Dietary retinoid bioavailability involves the interplay of the intestine (transport and metabolism) and the liver (secondary metabolism). To reproduce these processes in vitro, differentiated human intestinal Caco-2/TC7 cells were co-cultured with two hepatocyte cell lines. Murine 3A cells and the more highly differentiated human HepaRG hepatocytes were both shown to respond to β-carotene (BC) and retinol (ROH) treatment by secreting Retinol Binding Protein 4 (RBP4). In co-culture experiments, Caco-2/TC7 were differentiated on filter inserts and transferred for the time of the experiment to culture wells containing confluent 3A or differentiated HepaRG cells. Functionality of the co-cultures was assayed using as endpoints the retinol-dependent secretion of RBP4 and the retinoic acid-dependent induction of CYP26A1 in hepatocytes. BC and ROH added to intestinal Caco-2/TC7 induced a reduction in intracellular RBP4 levels in the underlying hepatocytes and its secretion into the medium.

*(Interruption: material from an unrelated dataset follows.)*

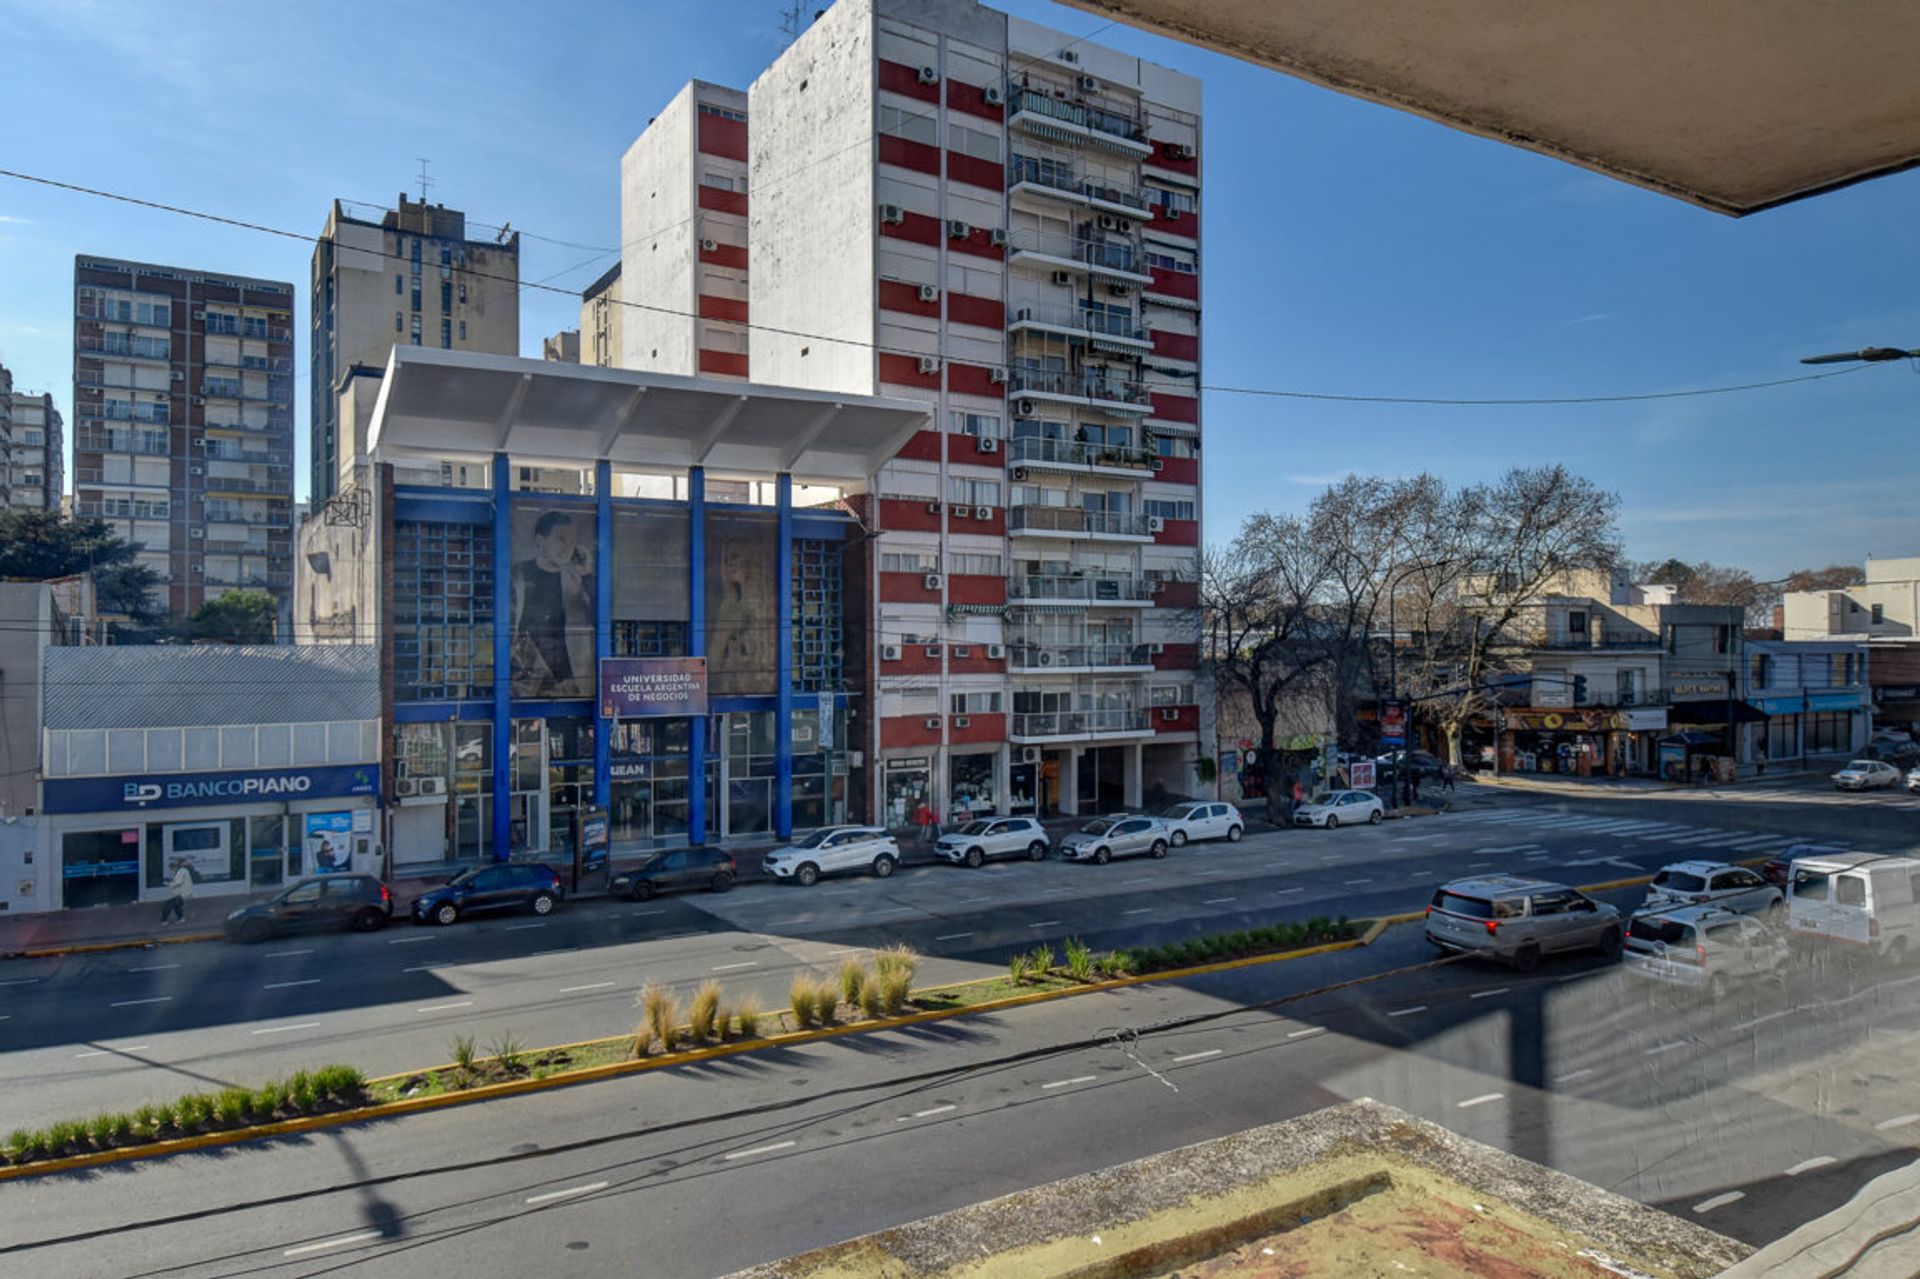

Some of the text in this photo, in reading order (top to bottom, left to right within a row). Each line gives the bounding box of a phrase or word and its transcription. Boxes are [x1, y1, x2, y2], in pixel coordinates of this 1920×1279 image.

HepaRG hepatocytes were also shown to up-regulate the expression of CYP26A1 mRNA in response to retinoid treatment. This in vitro model represents a useful tool to analyze the absorption and metabolism of retinoids and could be further developed to investigate other dietary compounds and molecules of pharmacological interest.
► An in vitro co-culture system of human differentiated intestinal and hepatic cells is presented.
► The interplay between intestine and liver transport and metabolism was tested using dietary retinoids.
► Beta-carotene and retinol given to enterocytes acted on retinoid metabolism of co-cultured hepatocytes.
► For the homologous “all human” system we used highly differentiated human HepaRG hepatocytes.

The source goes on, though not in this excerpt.